Seasonal dummies are included to account for the strong seasonal patterns induced by the dividends. Furthermore, a breakpoint in the test is included in 2001 Q4, as a massive shift in earnings due to the events surrounding the terrorist attacks on 9-11 is observed. The questions surrounding terror insurance are dealt with in great depth in a paper by Thomann and Schulenburg.Footnote 21 The dividend cuts in that period were not as serious as the ones occurring right now, due to the nature of the incident being different from the inherent problems the financial sector has to deal with in the current crisis. Thus both periods (pre 9-11 and post 9-11) have to be analysed separately. The cointegration test provides evidence for the existence of two cointegration relationships, meaning the VAR should be augmented by a linear combination of the original variables. While estimating this VECM with the three variables inflation (DE_GDP_DEFL), earnings (DE_INS_EPS) and dividends (DE_INS_DPS) the rank of cointegration is therefore assumed to be two. Seasonal dummies were included and time lags of up to one year (four quarters) are considered in the process. The resulting impulse-response functions with bootstrapped confidence intervals (400 replications) are displayed below (Figure 1).

Figure 1
figure 1

Impulse-response analysis: Germany.

Using the Cholesky decomposition to orthogonalize the impulses as suggested by Sims, the ordering of variables follows economic theory.Footnote 22 We assume that inflation is the most exogenous variable and that dividends are paid from earnings. The graphs clearly show no significance of dividends to earnings or vice versa, as the confidence intervals do always contain the time-axis, meaning the response is not significantly different from zero. Therefore, following Goddard, McMillan and Wilson no evidence that dividend signalling or dividend smoothing are relevant phenomena could be found.Footnote 23

Now the same techniques are applied to the set of data for the European insurers examining the variables inflation (EMU_GDP_DEFL), earnings (EMU_INS_EPS) and dividends (EMU_INS_DPS). The estimation used four lags (one year) and the breakpoint at 2001 Q4 again. Seasonal dummies were included as well. The results of the cointegration test are presented in Table 4. The respective impulse-response functions are displayed in Figure 2. Again dividends do not react significantly to shocks in earnings and vice versa even though the confidence intervals in the Earnings on Dividends graph scrape the zero.

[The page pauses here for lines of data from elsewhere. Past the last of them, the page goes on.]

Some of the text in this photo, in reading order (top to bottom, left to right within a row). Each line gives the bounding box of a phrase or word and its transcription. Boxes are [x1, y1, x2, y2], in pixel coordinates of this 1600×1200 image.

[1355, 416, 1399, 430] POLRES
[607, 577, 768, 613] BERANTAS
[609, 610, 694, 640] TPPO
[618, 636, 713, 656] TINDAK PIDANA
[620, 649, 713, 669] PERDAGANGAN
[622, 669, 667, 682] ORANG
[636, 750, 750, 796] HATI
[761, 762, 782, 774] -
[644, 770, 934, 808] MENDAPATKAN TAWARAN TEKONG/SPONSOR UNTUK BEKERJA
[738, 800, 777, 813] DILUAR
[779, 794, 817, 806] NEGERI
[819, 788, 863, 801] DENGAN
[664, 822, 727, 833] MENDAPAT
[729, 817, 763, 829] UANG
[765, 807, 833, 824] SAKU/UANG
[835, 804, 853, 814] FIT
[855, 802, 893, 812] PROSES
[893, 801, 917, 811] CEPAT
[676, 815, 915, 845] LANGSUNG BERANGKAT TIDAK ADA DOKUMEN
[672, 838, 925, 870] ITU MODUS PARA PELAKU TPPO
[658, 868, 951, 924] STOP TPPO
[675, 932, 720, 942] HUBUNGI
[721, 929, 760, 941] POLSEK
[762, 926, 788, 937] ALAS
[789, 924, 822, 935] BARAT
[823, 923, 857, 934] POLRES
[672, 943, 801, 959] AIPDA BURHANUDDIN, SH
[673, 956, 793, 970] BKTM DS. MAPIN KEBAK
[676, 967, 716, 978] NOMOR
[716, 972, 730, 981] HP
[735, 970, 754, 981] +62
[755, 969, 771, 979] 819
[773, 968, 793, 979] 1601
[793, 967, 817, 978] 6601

Table 4 Cointegration between earnings, dividends and inflation in Europe
Figure 2
figure 2

Impulse-response analysis: Europe.

These results do not support the conjecture of causality between earnings and dividends and the result found in the Granger-causality test could not be backed up by the impulse-response analysis. One explanation for the differing outcomes of the analyses is the inability of standard Granger-causality tests to account for the complex relationship among the three variables, which is explicitly used in the impulse-response analysis. Especially the interdependence with inflation is neglected in the standard tests.

Conclusion

Dividend cuts are one way to improve the capitalization and financial strength of the European insurance industry. This article examines the dividend policy of European and specifically German insurers using VECM techniques. The basic argument is that without any empirical evidence dividends actually did matter in the past, insurers may reduce or even omit dividend payments if needed. The results of the empirical investigations are quite clear. No convincing evidence was found indicating that dividend smoothing or dividend signalling are relevant economic phenomena examining the dividend policy of the European insurance industry. This result does have major implications. Most importantly, facing a severe financial crisis, European insurance companies cutting dividends and thereby improving their financial strength and complying with regulatory standards do not necessarily have to fear major negative consequences due to investors assuming this measure to be an indubitable sign for future problems.